*** Begin section ***
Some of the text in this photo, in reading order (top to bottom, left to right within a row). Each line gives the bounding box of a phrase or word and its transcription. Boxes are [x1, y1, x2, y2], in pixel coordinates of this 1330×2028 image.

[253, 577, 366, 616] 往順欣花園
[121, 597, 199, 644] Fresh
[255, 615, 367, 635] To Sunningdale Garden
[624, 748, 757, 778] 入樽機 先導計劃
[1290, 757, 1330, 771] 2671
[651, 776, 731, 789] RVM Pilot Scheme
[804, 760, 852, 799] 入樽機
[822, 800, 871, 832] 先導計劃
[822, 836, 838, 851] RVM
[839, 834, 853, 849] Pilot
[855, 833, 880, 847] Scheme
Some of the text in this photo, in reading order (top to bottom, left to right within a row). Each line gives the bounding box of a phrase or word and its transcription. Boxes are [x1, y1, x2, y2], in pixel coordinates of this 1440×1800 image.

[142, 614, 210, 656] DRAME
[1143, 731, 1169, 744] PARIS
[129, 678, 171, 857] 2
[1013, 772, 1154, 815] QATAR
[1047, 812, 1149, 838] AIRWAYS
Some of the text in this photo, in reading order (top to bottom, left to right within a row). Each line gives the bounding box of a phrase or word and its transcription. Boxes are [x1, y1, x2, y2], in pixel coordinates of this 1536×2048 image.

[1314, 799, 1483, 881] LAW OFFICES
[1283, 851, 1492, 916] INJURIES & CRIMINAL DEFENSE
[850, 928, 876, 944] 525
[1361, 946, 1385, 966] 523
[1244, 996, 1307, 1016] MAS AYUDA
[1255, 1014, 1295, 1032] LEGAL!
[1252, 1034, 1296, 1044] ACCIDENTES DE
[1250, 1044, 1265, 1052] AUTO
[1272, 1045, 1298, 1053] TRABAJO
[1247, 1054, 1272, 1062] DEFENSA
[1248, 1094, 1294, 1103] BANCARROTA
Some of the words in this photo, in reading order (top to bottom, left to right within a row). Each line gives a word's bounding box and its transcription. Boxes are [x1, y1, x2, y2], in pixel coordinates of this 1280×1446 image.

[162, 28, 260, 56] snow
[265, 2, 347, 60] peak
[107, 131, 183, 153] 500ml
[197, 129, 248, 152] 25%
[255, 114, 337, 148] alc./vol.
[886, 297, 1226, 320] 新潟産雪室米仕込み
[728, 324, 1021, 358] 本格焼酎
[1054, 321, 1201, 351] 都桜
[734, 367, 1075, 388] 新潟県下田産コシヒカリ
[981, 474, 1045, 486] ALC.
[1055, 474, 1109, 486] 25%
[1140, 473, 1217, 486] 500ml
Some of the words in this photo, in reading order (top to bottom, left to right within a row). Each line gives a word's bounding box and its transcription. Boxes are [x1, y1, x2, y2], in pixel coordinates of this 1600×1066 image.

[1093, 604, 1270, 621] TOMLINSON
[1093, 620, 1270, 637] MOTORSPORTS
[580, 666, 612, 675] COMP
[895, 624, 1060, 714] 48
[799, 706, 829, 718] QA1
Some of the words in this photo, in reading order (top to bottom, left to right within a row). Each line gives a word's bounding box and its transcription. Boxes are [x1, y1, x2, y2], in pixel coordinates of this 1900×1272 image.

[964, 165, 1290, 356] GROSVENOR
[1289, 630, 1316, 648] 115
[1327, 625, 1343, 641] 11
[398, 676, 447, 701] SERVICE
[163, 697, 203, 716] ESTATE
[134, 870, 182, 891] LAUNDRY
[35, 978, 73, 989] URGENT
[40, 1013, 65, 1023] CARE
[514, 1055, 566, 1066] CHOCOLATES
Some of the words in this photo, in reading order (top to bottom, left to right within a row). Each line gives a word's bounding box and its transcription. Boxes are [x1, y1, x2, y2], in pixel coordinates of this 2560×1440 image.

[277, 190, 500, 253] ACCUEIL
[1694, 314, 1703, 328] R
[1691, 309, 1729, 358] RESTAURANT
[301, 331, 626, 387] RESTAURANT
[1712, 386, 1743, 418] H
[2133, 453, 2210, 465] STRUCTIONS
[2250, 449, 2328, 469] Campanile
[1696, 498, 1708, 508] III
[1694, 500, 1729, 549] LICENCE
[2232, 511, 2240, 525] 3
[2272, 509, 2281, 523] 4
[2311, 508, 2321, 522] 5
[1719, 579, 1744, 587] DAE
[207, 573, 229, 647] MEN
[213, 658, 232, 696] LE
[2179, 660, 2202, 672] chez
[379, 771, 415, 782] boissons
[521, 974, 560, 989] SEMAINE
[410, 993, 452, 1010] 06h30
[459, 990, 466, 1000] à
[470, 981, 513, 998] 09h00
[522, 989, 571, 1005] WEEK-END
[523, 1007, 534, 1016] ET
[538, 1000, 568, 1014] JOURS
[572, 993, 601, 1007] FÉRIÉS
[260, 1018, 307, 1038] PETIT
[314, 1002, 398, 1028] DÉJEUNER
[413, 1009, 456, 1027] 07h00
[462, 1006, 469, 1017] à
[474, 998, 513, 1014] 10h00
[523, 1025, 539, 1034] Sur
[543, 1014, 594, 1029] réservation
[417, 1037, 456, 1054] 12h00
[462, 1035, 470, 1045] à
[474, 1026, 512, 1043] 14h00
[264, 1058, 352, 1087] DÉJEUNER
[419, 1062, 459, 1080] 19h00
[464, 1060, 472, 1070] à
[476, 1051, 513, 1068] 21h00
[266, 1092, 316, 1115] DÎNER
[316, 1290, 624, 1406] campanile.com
*** End section ***
What this task involves: The answer is the line with "this 1900×1272 image." plus every line after it to the last line of the entries above, copied exactly and with no other lines.

Reply:
Some of the words in this photo, in reading order (top to bottom, left to right within a row). Each line gives a word's bounding box and its transcription. Boxes are [x1, y1, x2, y2], in pixel coordinates of this 1900×1272 image.

[964, 165, 1290, 356] GROSVENOR
[1289, 630, 1316, 648] 115
[1327, 625, 1343, 641] 11
[398, 676, 447, 701] SERVICE
[163, 697, 203, 716] ESTATE
[134, 870, 182, 891] LAUNDRY
[35, 978, 73, 989] URGENT
[40, 1013, 65, 1023] CARE
[514, 1055, 566, 1066] CHOCOLATES
Some of the words in this photo, in reading order (top to bottom, left to right within a row). Each line gives a word's bounding box and its transcription. Boxes are [x1, y1, x2, y2], in pixel coordinates of this 2560×1440 image.

[277, 190, 500, 253] ACCUEIL
[1694, 314, 1703, 328] R
[1691, 309, 1729, 358] RESTAURANT
[301, 331, 626, 387] RESTAURANT
[1712, 386, 1743, 418] H
[2133, 453, 2210, 465] STRUCTIONS
[2250, 449, 2328, 469] Campanile
[1696, 498, 1708, 508] III
[1694, 500, 1729, 549] LICENCE
[2232, 511, 2240, 525] 3
[2272, 509, 2281, 523] 4
[2311, 508, 2321, 522] 5
[1719, 579, 1744, 587] DAE
[207, 573, 229, 647] MEN
[213, 658, 232, 696] LE
[2179, 660, 2202, 672] chez
[379, 771, 415, 782] boissons
[521, 974, 560, 989] SEMAINE
[410, 993, 452, 1010] 06h30
[459, 990, 466, 1000] à
[470, 981, 513, 998] 09h00
[522, 989, 571, 1005] WEEK-END
[523, 1007, 534, 1016] ET
[538, 1000, 568, 1014] JOURS
[572, 993, 601, 1007] FÉRIÉS
[260, 1018, 307, 1038] PETIT
[314, 1002, 398, 1028] DÉJEUNER
[413, 1009, 456, 1027] 07h00
[462, 1006, 469, 1017] à
[474, 998, 513, 1014] 10h00
[523, 1025, 539, 1034] Sur
[543, 1014, 594, 1029] réservation
[417, 1037, 456, 1054] 12h00
[462, 1035, 470, 1045] à
[474, 1026, 512, 1043] 14h00
[264, 1058, 352, 1087] DÉJEUNER
[419, 1062, 459, 1080] 19h00
[464, 1060, 472, 1070] à
[476, 1051, 513, 1068] 21h00
[266, 1092, 316, 1115] DÎNER
[316, 1290, 624, 1406] campanile.com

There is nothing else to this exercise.